■ TASK REQUIREMENTS
The records must be duplicated exactly, with every picture left out.

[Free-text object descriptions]
+++++
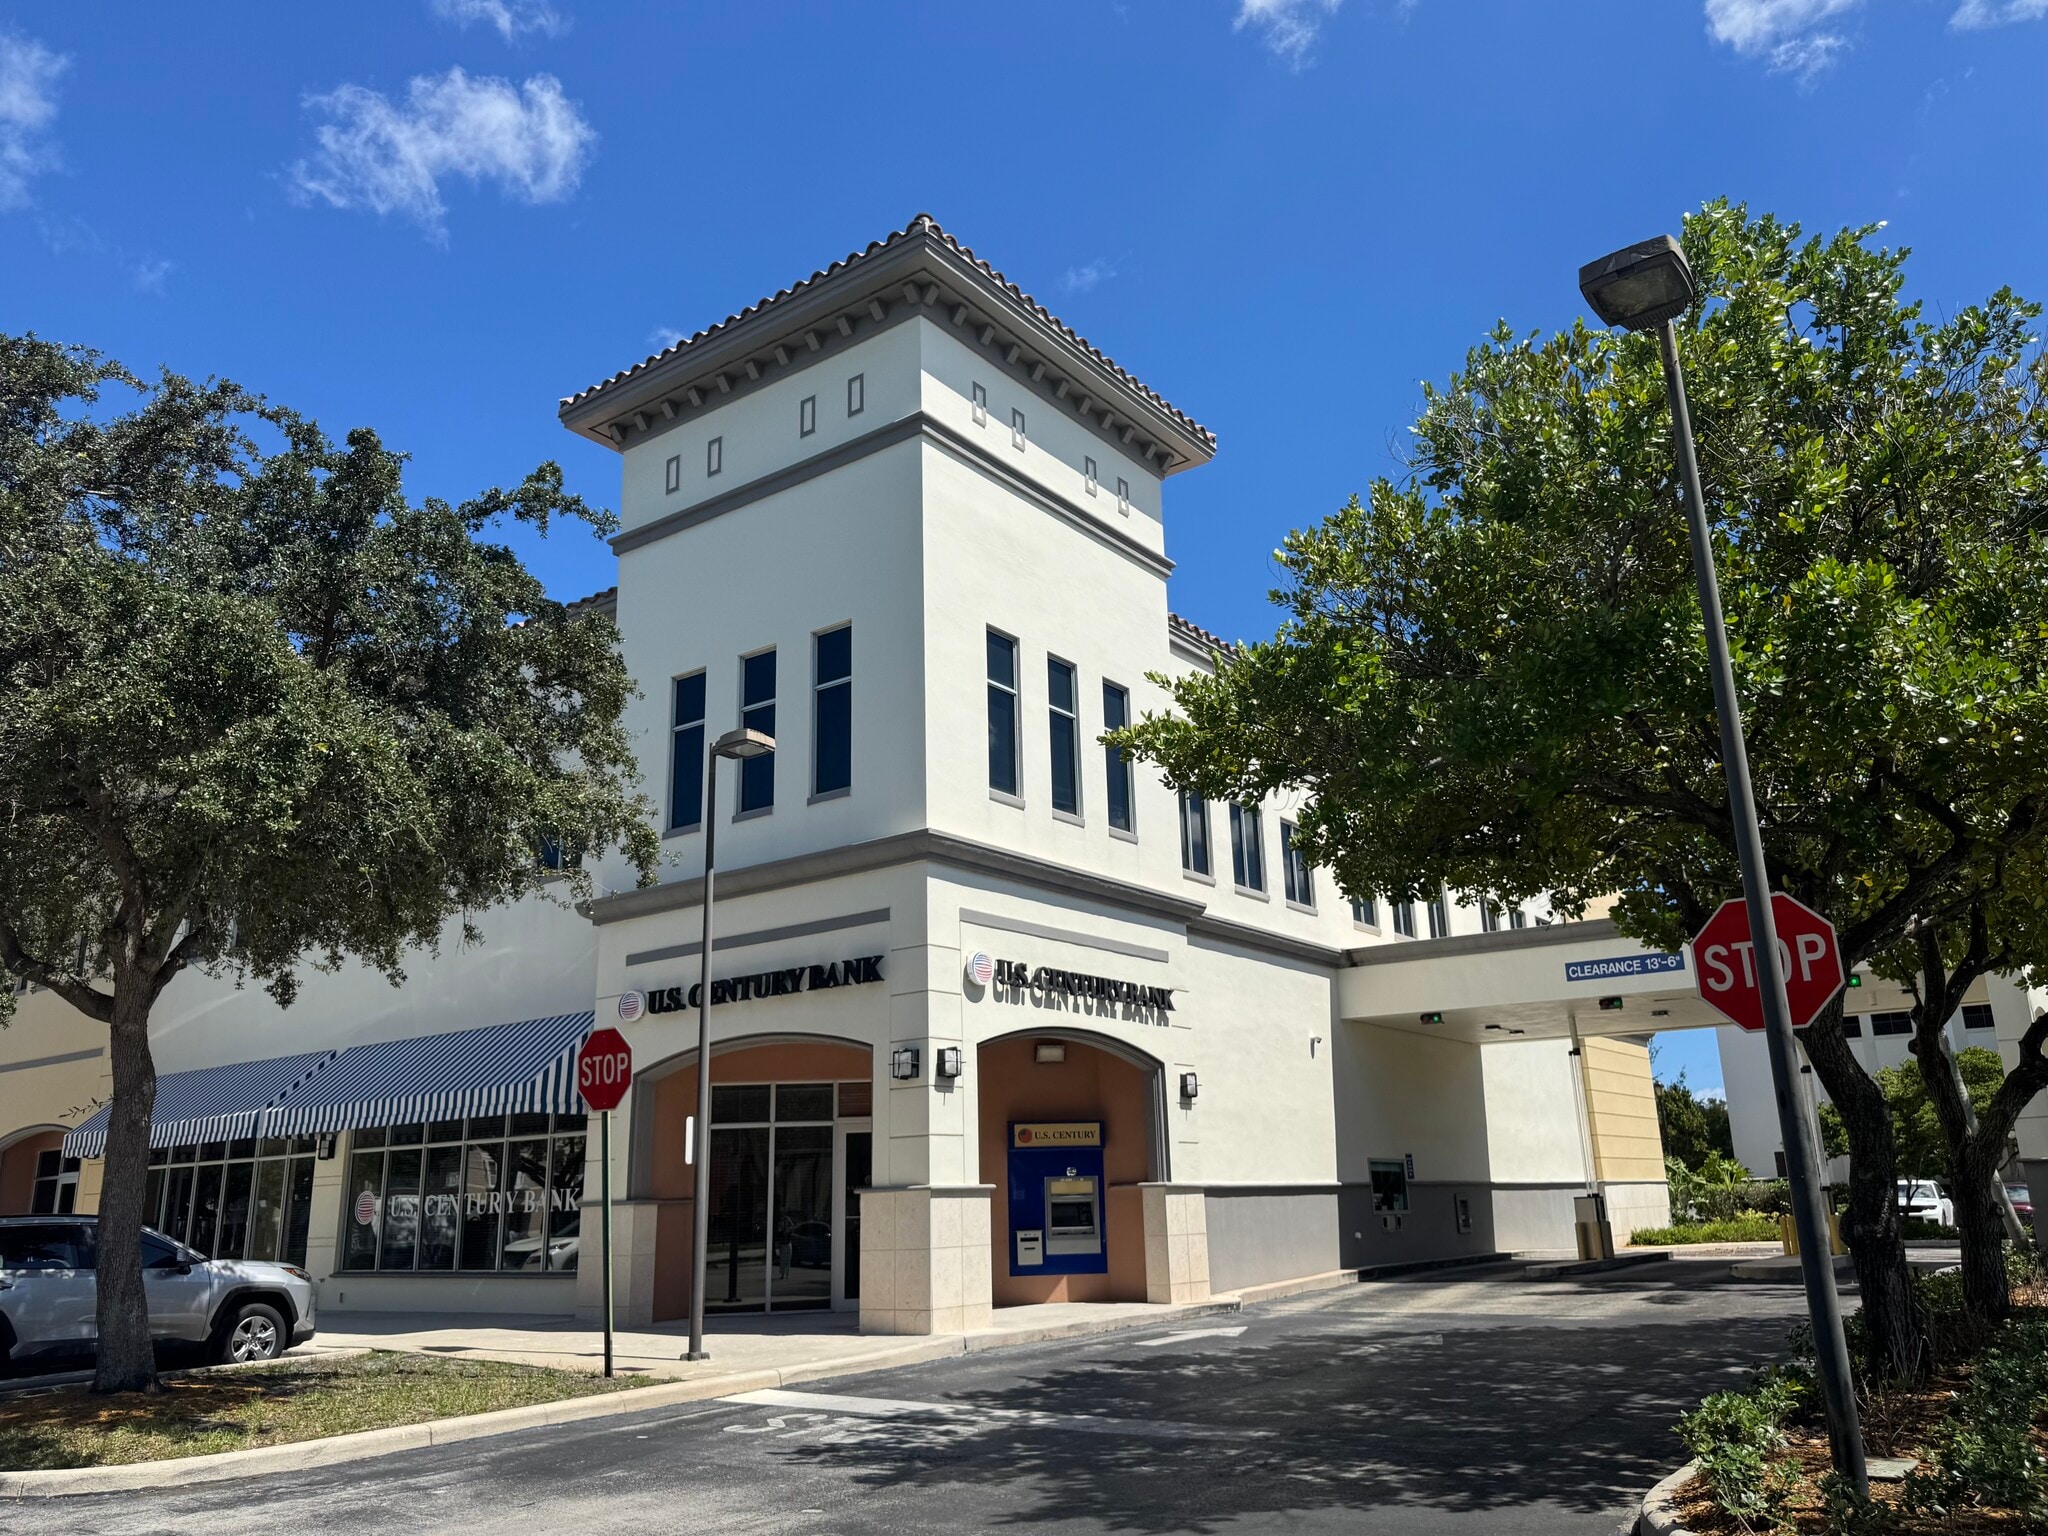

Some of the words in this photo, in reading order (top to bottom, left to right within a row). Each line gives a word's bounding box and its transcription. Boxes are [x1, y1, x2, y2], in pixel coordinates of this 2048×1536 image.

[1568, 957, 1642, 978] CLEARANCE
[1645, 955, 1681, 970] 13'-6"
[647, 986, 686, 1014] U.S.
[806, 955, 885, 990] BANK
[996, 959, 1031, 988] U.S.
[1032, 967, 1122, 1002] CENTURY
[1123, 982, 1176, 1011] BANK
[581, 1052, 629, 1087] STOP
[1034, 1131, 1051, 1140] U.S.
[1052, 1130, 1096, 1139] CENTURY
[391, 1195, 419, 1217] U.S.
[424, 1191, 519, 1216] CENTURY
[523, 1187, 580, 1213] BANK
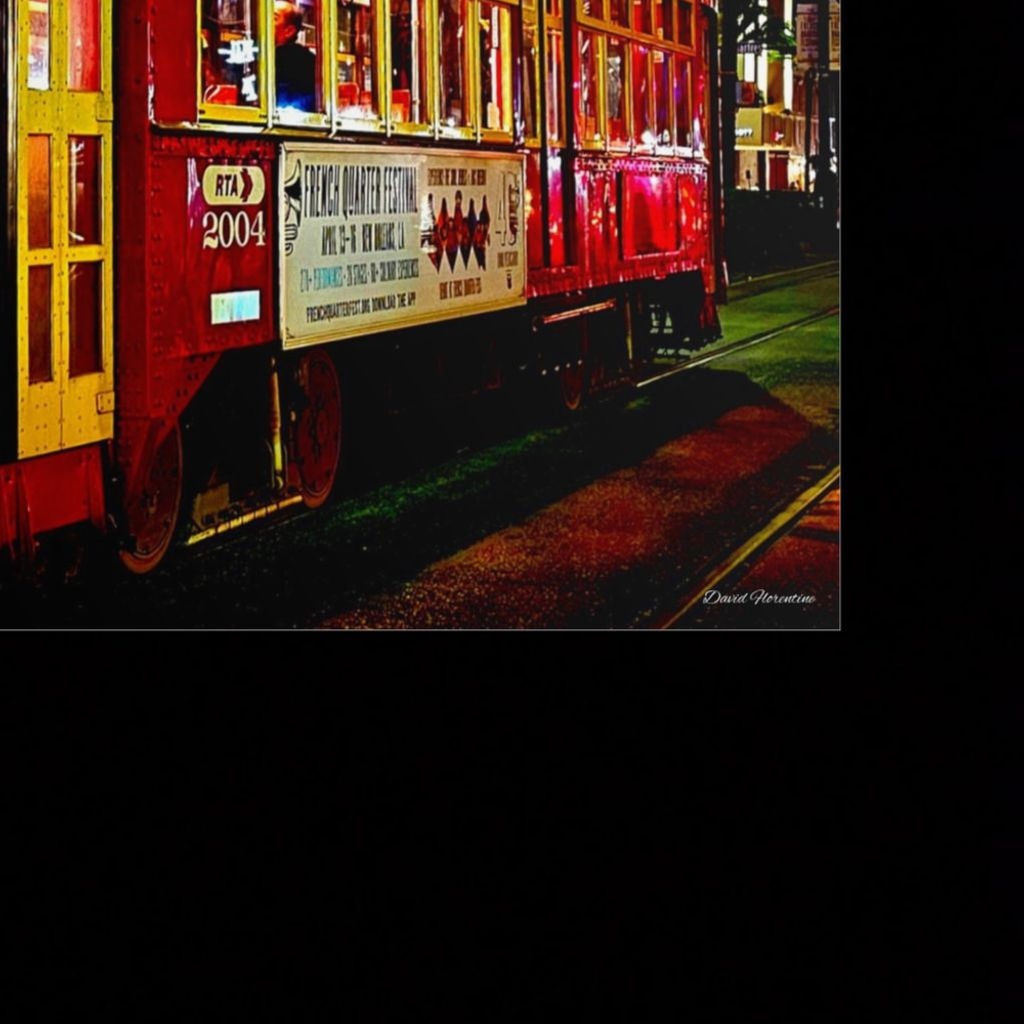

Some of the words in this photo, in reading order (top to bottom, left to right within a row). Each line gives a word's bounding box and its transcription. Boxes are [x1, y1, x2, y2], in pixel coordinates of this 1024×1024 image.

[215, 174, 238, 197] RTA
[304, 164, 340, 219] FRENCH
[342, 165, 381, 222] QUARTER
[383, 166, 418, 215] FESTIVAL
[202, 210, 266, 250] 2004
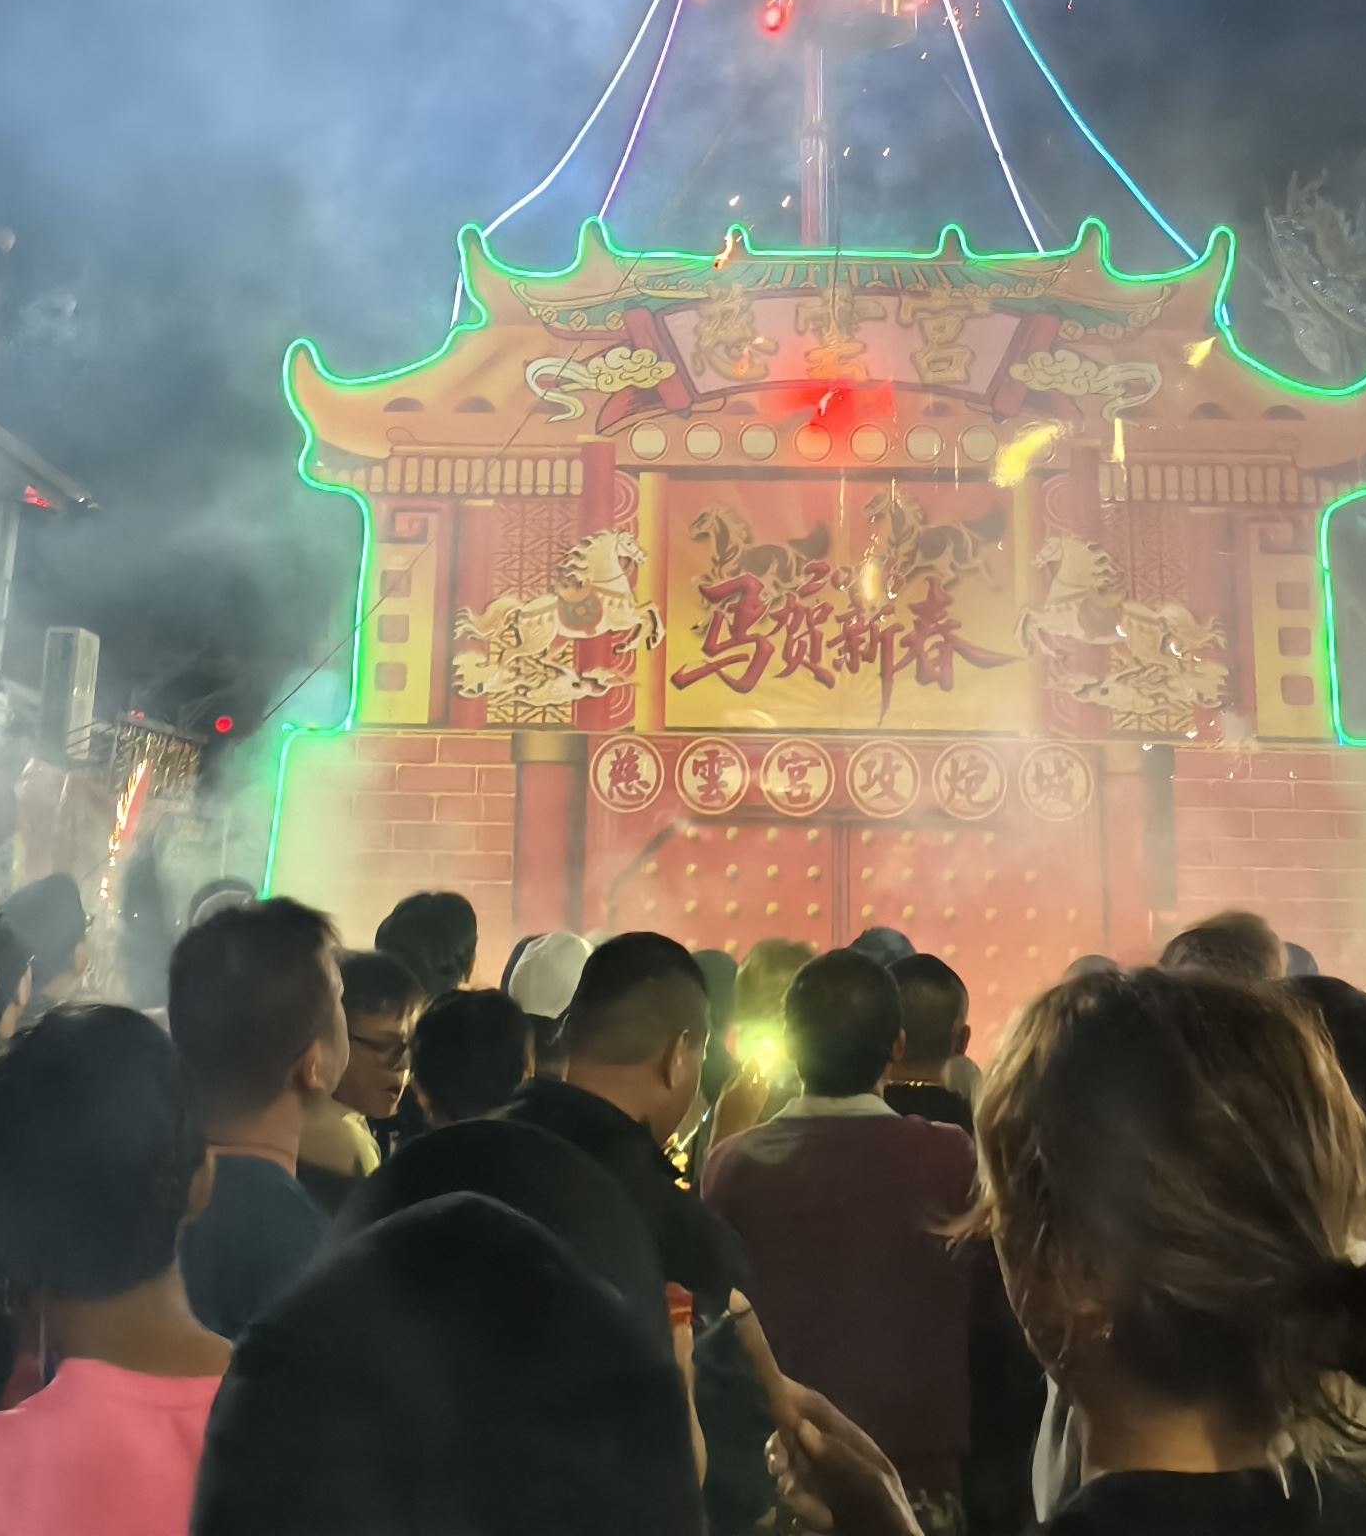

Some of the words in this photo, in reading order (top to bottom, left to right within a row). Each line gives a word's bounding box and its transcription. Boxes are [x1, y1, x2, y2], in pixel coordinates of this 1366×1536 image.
+++++
■ WRITTEN REPLY
Some of the words in this photo, in reading order (top to bottom, left to right within a row). Each line gives a word's bounding box and its transcription. Boxes are [x1, y1, x2, y2], in pixel coordinates of this 2048×1536 image.

[1568, 957, 1642, 978] CLEARANCE
[1645, 955, 1681, 970] 13'-6"
[647, 986, 686, 1014] U.S.
[806, 955, 885, 990] BANK
[996, 959, 1031, 988] U.S.
[1032, 967, 1122, 1002] CENTURY
[1123, 982, 1176, 1011] BANK
[581, 1052, 629, 1087] STOP
[1034, 1131, 1051, 1140] U.S.
[1052, 1130, 1096, 1139] CENTURY
[391, 1195, 419, 1217] U.S.
[424, 1191, 519, 1216] CENTURY
[523, 1187, 580, 1213] BANK

Some of the words in this photo, in reading order (top to bottom, left to right within a row). Each line gives a word's bounding box and its transcription. Boxes are [x1, y1, x2, y2], in pixel coordinates of this 1024×1024 image.

[215, 174, 238, 197] RTA
[304, 164, 340, 219] FRENCH
[342, 165, 381, 222] QUARTER
[383, 166, 418, 215] FESTIVAL
[202, 210, 266, 250] 2004

Some of the words in this photo, in reading order (top to bottom, left to right within a row). Each line gives a word's bounding box and its transcription. Boxes are [x1, y1, x2, y2], in pixel coordinates of this 1366×1536 image.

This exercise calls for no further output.